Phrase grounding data
== Segment start ==

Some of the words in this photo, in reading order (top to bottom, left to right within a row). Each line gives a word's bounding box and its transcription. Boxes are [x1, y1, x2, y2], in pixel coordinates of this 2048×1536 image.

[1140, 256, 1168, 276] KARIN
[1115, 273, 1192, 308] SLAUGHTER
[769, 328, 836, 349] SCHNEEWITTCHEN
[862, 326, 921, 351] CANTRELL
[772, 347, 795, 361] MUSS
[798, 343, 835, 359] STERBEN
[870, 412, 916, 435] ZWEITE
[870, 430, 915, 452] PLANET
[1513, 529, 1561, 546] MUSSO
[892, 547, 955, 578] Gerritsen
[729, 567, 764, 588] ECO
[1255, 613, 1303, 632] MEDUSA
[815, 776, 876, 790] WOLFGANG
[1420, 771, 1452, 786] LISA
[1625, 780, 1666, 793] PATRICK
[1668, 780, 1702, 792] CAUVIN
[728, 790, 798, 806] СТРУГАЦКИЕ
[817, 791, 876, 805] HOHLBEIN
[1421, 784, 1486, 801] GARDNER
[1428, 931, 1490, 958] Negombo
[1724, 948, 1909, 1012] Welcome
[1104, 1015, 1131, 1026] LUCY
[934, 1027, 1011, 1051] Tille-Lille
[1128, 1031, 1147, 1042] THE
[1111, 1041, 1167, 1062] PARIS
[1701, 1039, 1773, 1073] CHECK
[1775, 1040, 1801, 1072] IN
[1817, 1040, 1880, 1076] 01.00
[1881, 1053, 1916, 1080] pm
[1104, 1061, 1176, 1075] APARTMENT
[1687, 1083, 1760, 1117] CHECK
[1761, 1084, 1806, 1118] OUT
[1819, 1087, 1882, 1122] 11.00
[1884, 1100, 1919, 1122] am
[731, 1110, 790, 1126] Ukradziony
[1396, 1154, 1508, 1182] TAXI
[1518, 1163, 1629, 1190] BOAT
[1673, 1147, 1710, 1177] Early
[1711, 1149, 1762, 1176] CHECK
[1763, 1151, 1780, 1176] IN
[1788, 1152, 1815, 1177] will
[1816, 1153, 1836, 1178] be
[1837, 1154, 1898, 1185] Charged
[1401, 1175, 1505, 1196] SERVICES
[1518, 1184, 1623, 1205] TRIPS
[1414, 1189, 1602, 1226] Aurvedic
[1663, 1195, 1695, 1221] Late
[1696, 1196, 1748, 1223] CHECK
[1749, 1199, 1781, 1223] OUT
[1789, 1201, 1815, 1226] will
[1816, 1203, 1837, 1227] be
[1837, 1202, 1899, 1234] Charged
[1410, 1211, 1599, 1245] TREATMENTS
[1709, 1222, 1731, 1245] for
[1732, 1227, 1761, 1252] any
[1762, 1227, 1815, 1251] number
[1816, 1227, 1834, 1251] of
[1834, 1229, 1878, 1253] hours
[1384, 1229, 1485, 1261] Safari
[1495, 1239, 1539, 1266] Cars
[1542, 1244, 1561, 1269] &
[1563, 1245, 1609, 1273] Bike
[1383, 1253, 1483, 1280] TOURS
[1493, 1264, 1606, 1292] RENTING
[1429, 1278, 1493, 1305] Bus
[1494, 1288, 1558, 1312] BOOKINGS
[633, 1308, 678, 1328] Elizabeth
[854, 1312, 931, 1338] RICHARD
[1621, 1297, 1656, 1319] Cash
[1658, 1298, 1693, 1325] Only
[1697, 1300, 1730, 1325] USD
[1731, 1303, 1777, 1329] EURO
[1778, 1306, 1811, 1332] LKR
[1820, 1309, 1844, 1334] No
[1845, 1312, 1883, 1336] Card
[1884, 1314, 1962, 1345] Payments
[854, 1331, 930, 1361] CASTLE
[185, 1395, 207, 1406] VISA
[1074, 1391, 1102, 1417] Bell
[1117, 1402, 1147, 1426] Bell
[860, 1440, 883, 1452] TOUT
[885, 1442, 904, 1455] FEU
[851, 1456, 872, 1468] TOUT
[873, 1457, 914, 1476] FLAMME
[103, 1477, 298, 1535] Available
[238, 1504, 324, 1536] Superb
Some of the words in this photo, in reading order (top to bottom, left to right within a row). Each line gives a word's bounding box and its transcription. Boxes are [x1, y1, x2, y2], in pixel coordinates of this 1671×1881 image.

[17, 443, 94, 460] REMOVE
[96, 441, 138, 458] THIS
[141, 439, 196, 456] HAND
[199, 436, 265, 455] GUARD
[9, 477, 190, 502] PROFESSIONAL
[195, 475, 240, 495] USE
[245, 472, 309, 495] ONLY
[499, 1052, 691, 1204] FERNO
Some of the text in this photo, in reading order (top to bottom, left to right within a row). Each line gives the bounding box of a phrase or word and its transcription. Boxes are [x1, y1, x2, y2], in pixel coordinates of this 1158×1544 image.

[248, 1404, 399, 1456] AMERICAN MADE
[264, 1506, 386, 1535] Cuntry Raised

== Segment end ==

Prompt
Please extract exactly, and only, the lines from the line containing "Some of the text" through the last line of the records.

Worked solution
Some of the text in this photo, in reading order (top to bottom, left to right within a row). Each line gives the bounding box of a phrase or word and its transcription. Boxes are [x1, y1, x2, y2], in pixel coordinates of this 1158×1544 image.

[248, 1404, 399, 1456] AMERICAN MADE
[264, 1506, 386, 1535] Cuntry Raised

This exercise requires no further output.